Below are several excerpts only the brains of those practicing the world's most useless profession (and we are very generous with that assessment) could possibly come up with, in attempting to explain the shocking outcome of reality continuously refusing to comply with their exhaustive and comprehensive Dynamic Stochastic General Equilibrium (DSGE - don't worry: it sounds complicated - it must be very serious and important, and be thus very credible and good at predicting stuff; it is neither) models.
- With short-term interest rates at the zero lower bound, forward guidance has become a key tool for central bankers, and yet we know little about its effectiveness. Standard medium-scale DSGE models tend to grossly overestimate the impact of forward guidance on the macroeconomy—a phenomenon we call the “forward guidance puzzle.”
- New Keynesian DSGE models following the work of Christiano et al. (2005) and Smets and Wouters (2007) are in principle well suited to study the effects of forward guidance
- While the literature has provided strong theoretical justications for the use of such forward guidance (e.g., Eggertsson and Woodford (2003)), the evidence on the quantitative effects of such a policy tool on the macroeconomy is scarce
- Empirically, Gurkaynak et al. (2005) and more recently Campbell et al. (2012) found strong evidence that FOMC announcements move asset prices. Yet when Campbell et al. try to assess the impact of exogenous anticipated changes in monetary policy on the macroeconomy, they find that this has the opposite sign than expected, highlighting these identication challenges.
- Given that policymakers seldom if ever experimented with forward guidance this far in the future, there is little data to guide them.
- The problem, however, is that these DSGE models appear to deliver unreasonably large responses of key macroeconomic variables to central bank announcements about future interest rates (a phenomenon we can call the "forward guidance puzzle")
It gets better:
- In general it will always be hard, if not impossible, to test the predictions of DSGE models by looking at the outcome of policy counterfactuals such as the ones in our paper: even if the counterfactual is implemented, this will not occur in a controlled environment.
- Nonetheless, we argue that counterfactuals like the one performed here are useful for policy makers in order to quantify the potential eects of their policies, particularly when alternative approaches are lacking as is the case here.

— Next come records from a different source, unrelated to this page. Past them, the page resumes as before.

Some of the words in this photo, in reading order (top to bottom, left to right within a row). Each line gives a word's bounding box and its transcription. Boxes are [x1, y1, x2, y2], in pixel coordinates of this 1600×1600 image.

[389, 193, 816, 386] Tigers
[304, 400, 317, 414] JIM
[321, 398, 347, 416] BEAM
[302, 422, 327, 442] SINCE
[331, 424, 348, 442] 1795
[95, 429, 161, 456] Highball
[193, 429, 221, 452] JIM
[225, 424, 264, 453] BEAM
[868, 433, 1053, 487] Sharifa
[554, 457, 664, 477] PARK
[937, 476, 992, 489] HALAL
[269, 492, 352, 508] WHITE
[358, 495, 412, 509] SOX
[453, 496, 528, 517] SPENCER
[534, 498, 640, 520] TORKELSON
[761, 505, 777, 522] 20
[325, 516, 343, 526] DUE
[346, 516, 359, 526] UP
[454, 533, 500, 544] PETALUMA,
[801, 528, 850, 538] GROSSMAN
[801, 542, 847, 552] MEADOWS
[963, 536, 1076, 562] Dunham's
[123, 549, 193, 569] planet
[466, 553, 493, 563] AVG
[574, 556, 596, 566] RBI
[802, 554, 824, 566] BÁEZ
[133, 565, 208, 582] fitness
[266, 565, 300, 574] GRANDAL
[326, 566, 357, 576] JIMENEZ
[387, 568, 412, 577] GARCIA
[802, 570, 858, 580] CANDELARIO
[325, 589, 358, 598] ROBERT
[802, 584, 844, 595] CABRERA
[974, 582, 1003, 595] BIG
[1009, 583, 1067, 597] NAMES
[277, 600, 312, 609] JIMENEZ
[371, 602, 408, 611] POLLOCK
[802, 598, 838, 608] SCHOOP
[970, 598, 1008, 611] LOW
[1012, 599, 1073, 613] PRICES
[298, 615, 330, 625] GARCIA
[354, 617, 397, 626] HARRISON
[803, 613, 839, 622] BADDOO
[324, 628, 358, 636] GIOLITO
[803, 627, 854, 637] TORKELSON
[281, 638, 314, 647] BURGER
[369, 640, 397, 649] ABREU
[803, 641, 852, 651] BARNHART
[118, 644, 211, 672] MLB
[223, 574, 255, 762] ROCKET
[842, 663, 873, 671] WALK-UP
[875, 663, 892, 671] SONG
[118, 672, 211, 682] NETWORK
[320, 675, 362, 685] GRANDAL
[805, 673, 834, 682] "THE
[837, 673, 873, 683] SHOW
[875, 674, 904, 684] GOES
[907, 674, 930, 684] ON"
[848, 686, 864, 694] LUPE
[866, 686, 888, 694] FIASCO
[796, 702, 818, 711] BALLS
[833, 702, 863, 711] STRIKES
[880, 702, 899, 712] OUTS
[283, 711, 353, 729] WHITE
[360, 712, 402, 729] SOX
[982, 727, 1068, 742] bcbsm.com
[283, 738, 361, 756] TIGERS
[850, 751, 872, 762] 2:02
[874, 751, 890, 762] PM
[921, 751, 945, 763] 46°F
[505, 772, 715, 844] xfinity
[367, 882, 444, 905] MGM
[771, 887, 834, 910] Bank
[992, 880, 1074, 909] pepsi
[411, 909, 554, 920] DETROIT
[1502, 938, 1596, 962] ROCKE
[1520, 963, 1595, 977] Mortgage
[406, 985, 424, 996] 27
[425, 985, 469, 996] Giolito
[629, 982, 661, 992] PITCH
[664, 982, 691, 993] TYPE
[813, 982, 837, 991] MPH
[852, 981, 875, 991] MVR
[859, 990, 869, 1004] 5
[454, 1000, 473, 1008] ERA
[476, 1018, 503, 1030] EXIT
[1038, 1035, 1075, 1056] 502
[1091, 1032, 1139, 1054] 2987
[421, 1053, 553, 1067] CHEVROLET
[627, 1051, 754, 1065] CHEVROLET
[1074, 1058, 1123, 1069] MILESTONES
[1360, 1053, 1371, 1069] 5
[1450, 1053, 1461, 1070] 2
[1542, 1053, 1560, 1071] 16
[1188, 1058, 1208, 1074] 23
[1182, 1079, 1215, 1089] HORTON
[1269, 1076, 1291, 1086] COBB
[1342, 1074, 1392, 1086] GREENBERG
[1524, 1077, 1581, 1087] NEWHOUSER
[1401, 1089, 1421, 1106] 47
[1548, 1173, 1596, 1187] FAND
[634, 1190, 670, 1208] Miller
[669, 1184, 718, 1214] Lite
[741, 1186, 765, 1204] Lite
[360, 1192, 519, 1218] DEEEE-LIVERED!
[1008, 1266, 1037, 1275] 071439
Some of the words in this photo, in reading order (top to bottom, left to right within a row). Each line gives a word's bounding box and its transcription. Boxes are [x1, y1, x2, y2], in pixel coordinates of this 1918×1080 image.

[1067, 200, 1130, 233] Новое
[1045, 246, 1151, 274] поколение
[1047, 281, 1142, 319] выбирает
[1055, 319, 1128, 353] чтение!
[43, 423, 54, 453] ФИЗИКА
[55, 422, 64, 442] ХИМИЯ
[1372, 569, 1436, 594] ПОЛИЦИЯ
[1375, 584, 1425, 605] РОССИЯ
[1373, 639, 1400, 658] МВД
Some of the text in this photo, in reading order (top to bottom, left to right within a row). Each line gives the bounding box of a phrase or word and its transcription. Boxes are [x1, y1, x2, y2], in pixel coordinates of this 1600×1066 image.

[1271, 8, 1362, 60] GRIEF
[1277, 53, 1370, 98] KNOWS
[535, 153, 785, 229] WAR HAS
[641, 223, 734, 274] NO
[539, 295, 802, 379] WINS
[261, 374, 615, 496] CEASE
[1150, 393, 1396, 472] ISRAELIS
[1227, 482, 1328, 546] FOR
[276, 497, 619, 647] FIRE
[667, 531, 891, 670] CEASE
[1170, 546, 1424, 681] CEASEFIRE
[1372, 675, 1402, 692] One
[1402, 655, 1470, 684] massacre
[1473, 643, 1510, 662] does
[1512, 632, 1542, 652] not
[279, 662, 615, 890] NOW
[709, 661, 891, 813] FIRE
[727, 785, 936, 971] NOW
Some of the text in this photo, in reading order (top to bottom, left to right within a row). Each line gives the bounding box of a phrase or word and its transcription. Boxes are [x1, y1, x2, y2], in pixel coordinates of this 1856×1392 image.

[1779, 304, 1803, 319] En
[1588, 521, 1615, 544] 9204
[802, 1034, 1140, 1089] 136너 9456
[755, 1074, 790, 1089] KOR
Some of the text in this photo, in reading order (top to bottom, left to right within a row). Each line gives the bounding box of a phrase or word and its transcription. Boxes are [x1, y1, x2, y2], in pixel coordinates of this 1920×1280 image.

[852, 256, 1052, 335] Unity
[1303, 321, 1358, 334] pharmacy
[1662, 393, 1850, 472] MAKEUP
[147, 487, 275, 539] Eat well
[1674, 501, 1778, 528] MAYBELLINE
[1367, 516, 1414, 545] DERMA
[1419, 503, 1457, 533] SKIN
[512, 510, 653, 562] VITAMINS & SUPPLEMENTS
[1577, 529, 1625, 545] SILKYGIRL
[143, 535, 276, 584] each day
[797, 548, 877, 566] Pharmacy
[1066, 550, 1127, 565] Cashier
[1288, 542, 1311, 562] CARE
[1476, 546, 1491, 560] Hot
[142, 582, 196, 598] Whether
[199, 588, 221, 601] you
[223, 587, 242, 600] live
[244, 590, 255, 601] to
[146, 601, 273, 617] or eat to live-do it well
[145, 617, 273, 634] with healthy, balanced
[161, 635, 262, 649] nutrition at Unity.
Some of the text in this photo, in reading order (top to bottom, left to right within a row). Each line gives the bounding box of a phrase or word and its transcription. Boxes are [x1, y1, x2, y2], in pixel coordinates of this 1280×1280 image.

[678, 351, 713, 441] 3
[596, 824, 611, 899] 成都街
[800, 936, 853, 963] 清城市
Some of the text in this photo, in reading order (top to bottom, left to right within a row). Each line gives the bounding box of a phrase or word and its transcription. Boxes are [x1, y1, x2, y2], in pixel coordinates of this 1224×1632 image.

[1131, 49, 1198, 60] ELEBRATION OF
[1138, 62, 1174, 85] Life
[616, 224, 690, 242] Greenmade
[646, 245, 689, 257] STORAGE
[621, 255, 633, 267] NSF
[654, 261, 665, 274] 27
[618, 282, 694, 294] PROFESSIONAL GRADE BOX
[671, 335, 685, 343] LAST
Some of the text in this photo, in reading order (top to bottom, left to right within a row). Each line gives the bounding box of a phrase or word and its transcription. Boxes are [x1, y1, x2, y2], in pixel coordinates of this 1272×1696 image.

The problem is that the results the Fed's own models predict, fail to comply with the resultant reality:
- Our proposed solution to the "forward guidance puzzle" is based on the realization that the apparently straightforward experiment "let us fix the short term interest rate to x percent for K periods" has implications for the short term rate that go well beyond the K-th period in medium scale DSGE models.
- As a consequence, these counterfactuals appear to have an over-sized effect on the macroeconomy.
- We view the implications of these experiments of short term interest rate in the far future as incredible. They are at odds with both common sense and the empirical evidence of the effects of announcements
Yes, it is ironic that the Fed is talking about "common sense", we know. But the absolute punchline you will never hear admitted or discussed anywhere else, and the reason why the Fed can no longer even rely on its models is that...
- Carlstrom et al. show that the Smets and Wouters model would predict an explosive inflation and output if the short-term interest rate were pegged at the ZLB (Zero Lower Bound) between eight and nine quarters. This is an unsettling finding given that the current horizon of forward guidance by the FOMC is of at least eight quarters.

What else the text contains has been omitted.